Edoardo Righini nasce a Ferrara, frequenta il liceo Ariosto e poi si trasferisce a Milano. Parallelamente agli studi e al percorso lavorativo, comincia a raccontare sui social la realtà quotidiana con video sempre ironici: oggi è un content creator che conta quasi 300.000 follower su Instagram. Ha pubblicato un podcast dal titolo Trentennamenti per riflettere sul drammatico passaggio dei trent’anni , è stato presentatore lo scorso anno dell’edizione cittadina del TEDx e si è lanciato in una nuova avventura: pubblicare un libro con Mondadori.
Penso di avere un problema serio è sugli scaffali delle librerie di tutta Italia da qualche mese, ma sabato 13 settembre sarà presentato a Nuova Terraviva (dopo un pranzo collettivo): per prepararci, abbiamo chiamato Righini.

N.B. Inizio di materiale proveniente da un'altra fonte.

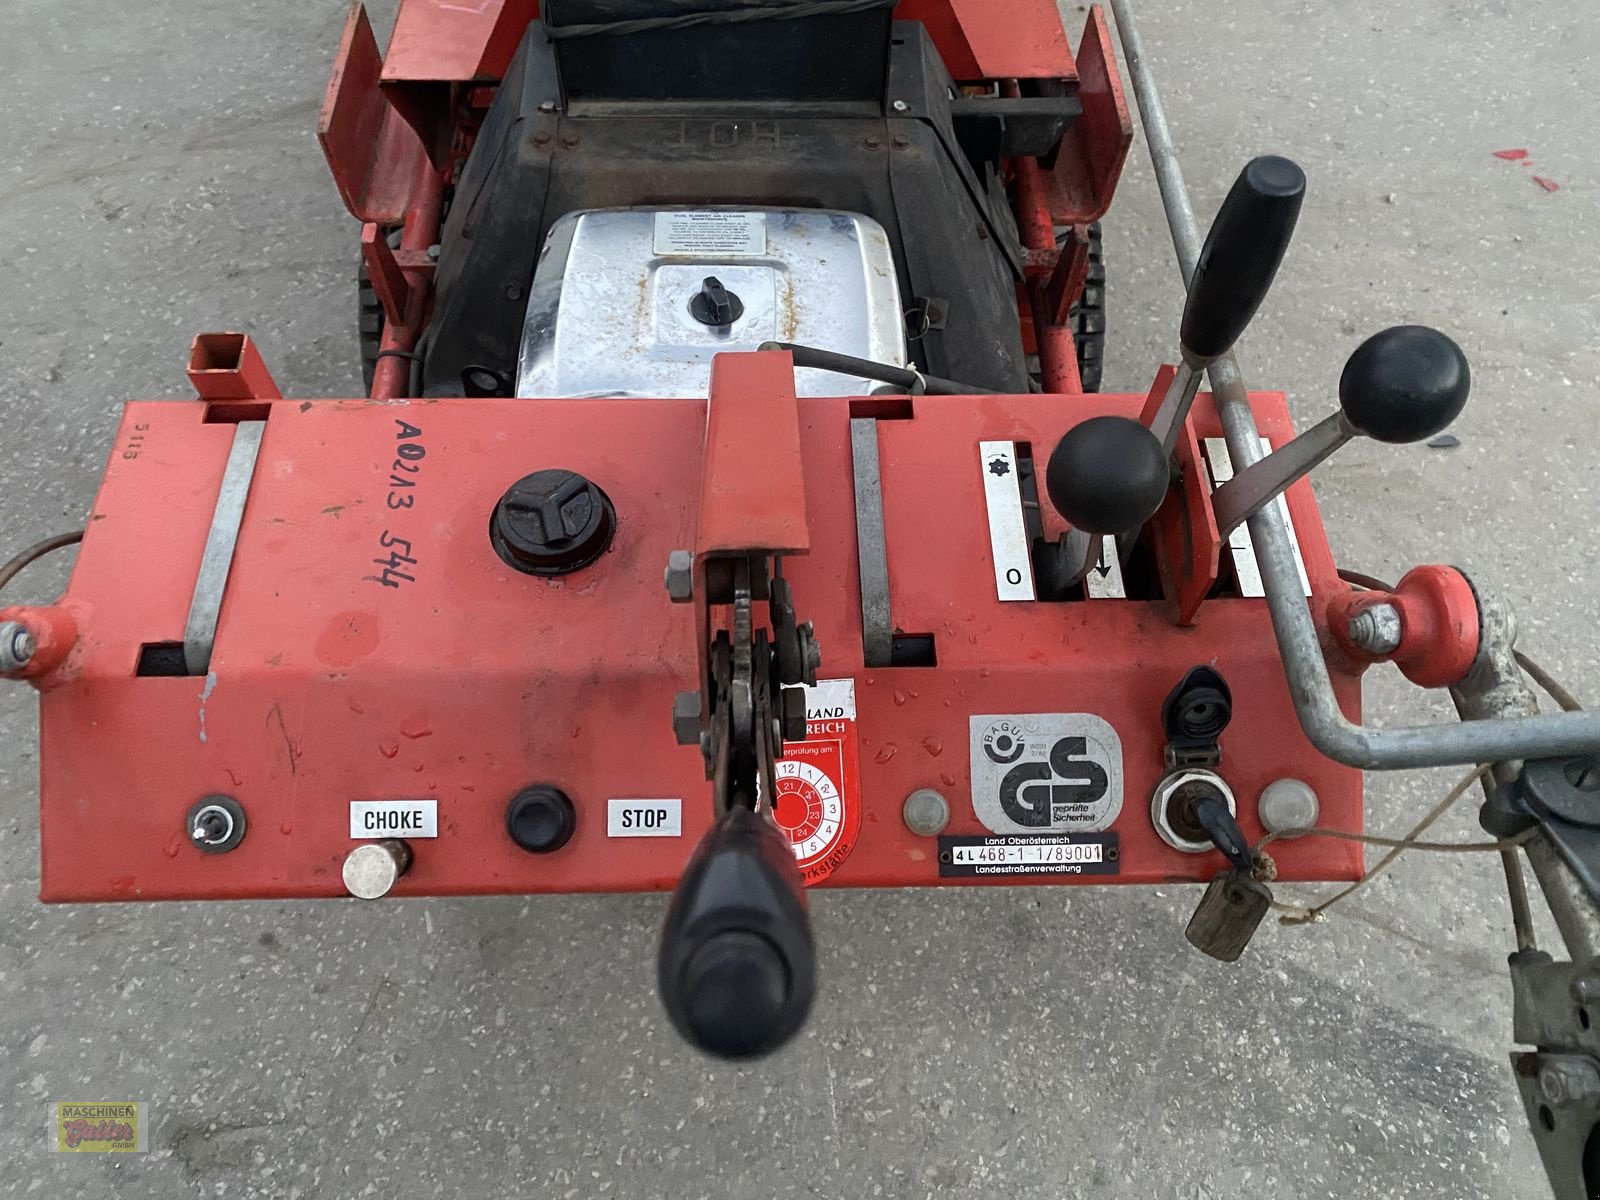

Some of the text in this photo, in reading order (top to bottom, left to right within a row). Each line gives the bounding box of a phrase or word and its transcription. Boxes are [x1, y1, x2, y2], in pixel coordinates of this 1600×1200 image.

Lo abbiamo trovato a Milano.
In alcune interviste sembri un po’ nasconderti dal fatto che hai scritto un libro”. Ricordo che ti sei definito “uno scrivente, più che uno scrittore”. Partiamo proprio da questo: come è stato entrare nel mondo della scrittura?
In realtà è stato un esercizio molto difficile, sicuramente una delle cose più complesse da fare in assoluto. Scrivere è un lavoro che chiede grande costanza e dedizione, per una persona tendenzialmente pigra e procrastinatrice come me è stato complesso: diciamo che un libro è un amante molto esigente. E questo era il mio grande timore: sono un buon lettore, ho fatto il Classico, ho sempre amato la letteratura e ho sempre avuto un po’ di timore reverenziale nei confronti dei libri. Quando mi è stato proposto di scriverne uno ho avuto parecchi dubbi, non ero sicuro di essere all’altezza. Poi mi sono ricordato di qualcosa che si dice spesso: se non ci si mette mai alla guida di una bicicletta non si può sapere se si è in grado di pedalare. E quindi: buttiamoci, mi sono detto.

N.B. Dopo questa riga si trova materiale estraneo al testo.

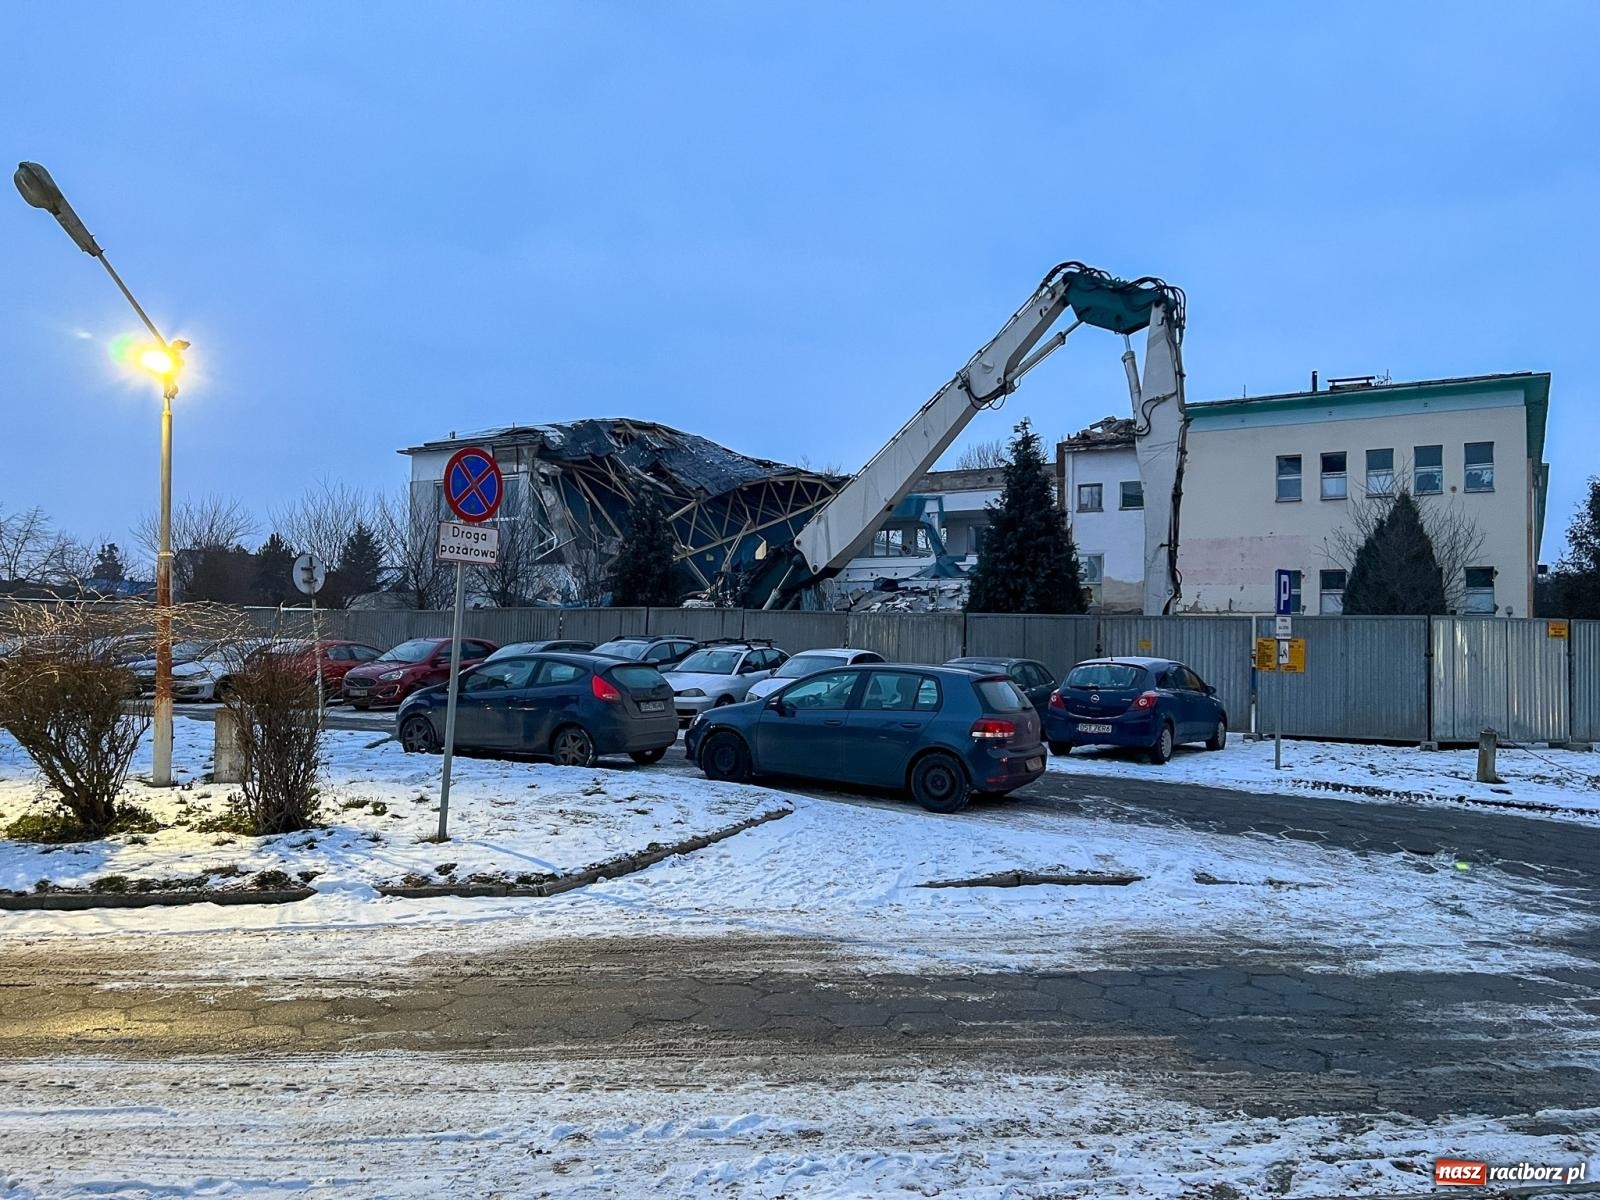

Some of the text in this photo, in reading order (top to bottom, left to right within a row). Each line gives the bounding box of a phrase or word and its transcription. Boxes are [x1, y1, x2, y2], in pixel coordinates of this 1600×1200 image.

[452, 526, 487, 544] Droga
[440, 543, 496, 559] pożarowa
[1280, 574, 1290, 611] P

A pensarci oggi, non mi sento di dire che il libro sia venuto come volevo, non credo di essere stato capace fino in fondo di dire quello che volevo: però ad un certo punto questa cosa la devi accettare. Quello che ho scoperto è che un libro vive di vita propria, i percorsi e le cose che emergono lungo la scrittura è come se le decidesse il libro stesso: io alla fine sono stato solo uno strumento.
Nel libro c’è un tema dominante, che sembra essere il senso di inadeguatezza rispetto al tempo che passa e al diventare adulti.

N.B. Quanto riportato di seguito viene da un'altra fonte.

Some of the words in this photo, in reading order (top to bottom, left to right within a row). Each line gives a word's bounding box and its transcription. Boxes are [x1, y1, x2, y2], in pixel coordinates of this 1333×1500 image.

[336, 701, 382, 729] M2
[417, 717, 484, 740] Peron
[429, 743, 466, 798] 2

Se dovessi spiegare quale è il focus del libro, più che l’inadeguatezza, penso che direi che tutto nasce da una riflessione ancora più piccola. È un libro sui ritorni: la mia generazione, quella degli anni ’80 o ’90, vedeva le partenze come una cosa positiva, le persone andavano via per andare a lavorare a Londra, Parigi, Milano, uscire dalla provincia era un riscatto. Mi sono reso conto, dopo tanti anni a Milano, che molti hanno deciso di fare l’inverso, di tornare, ed è una tentazione che tocca un po’ tutti a un certo punto. Ecco il tema che mi sono sentito di sollevare è questo: ma il ritorno è sempre negativo? È sempre e solo segno di fallimento? Il ritorno alla provincia è una risposta giusta a quella inadeguatezza che una città come Milano, ad esempio, ci infonde? E quando dico Milano intendo quel modello di società che abbiamo in testa, una società molto performante, molto rapida, volta solo alla performance. Il taglio che ho dato al mio libro è quello che uso anche nel mio racconto quotidiano sui social: un racconto molto cinico, sarcastico e qualche volta anche un po’ crudele. Ho preferito dare un taglio fantozziano al racconto, provare a fare un libro che sia anche riflessivo ma tramite l’arma dell’ironia e dell’umorismo.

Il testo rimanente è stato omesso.